Kella es una chica de mi edad. Tiene el pelo rojo cortado a lo chico, y unas enormes gafas de pasta que se apoyan en la punta de su nariz respingona. Por su manera de hablar, atropellada y sin freno, intuyo que es el polo opuesto de Dana. El traqueteo del camión en movimiento me obliga a agarrarme a su brazo para no caerme, y Kella se tensa al instante.

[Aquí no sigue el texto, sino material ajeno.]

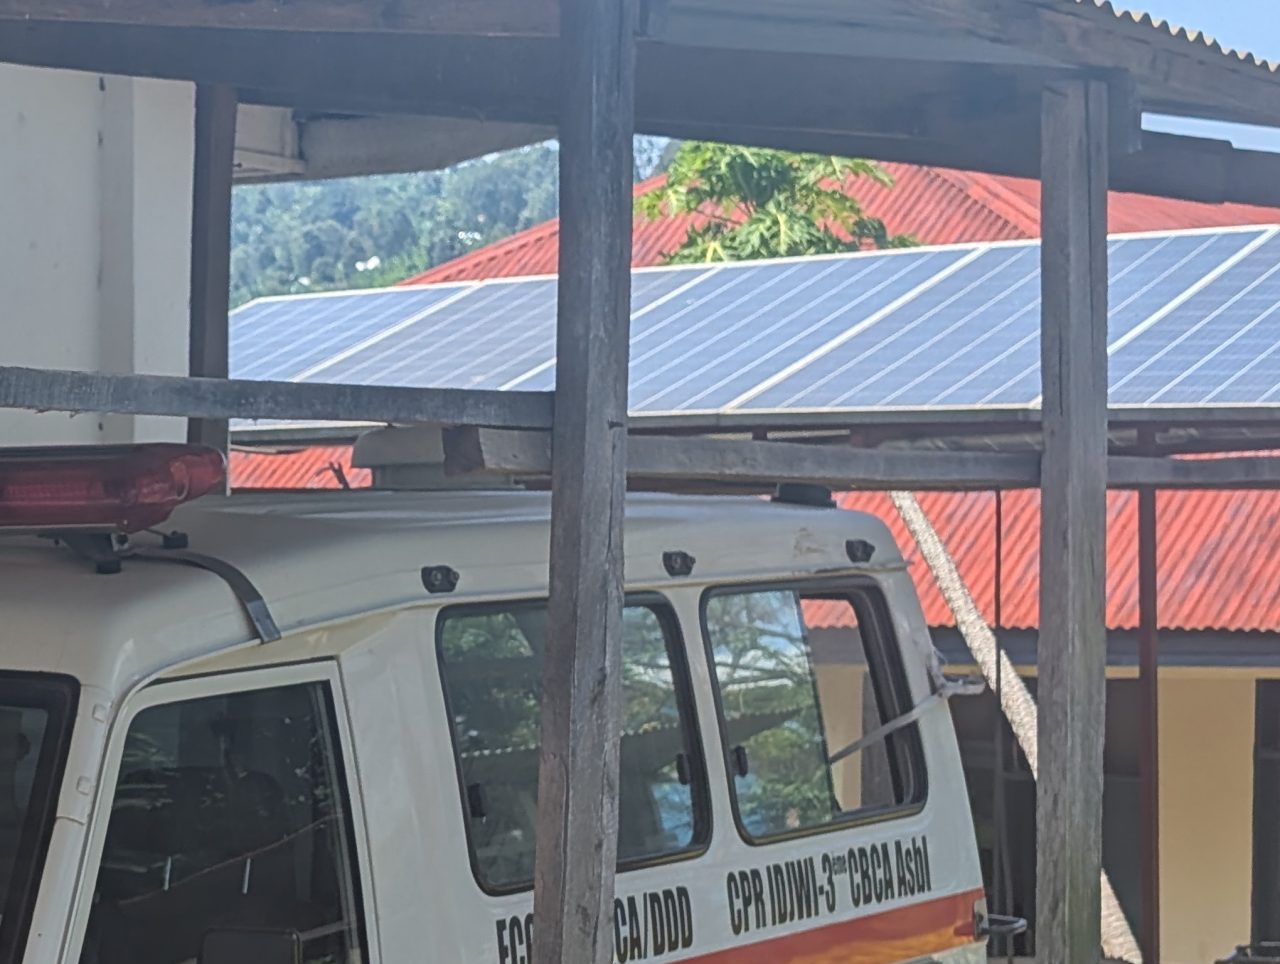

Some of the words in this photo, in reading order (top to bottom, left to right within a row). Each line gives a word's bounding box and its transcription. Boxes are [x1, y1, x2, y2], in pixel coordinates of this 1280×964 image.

—¿Dónde estoy? —pregunto confuso mientras miro el laboratorio informático que nos rodea.

Para entrar en la Selección me vinculé a una consola instalada en las Cortes, y la salida debería haberse producido a través de la misma conexión. Parece que Kella, que se aparta de mí, ha cambiado el proceso, aunque no entiendo cómo.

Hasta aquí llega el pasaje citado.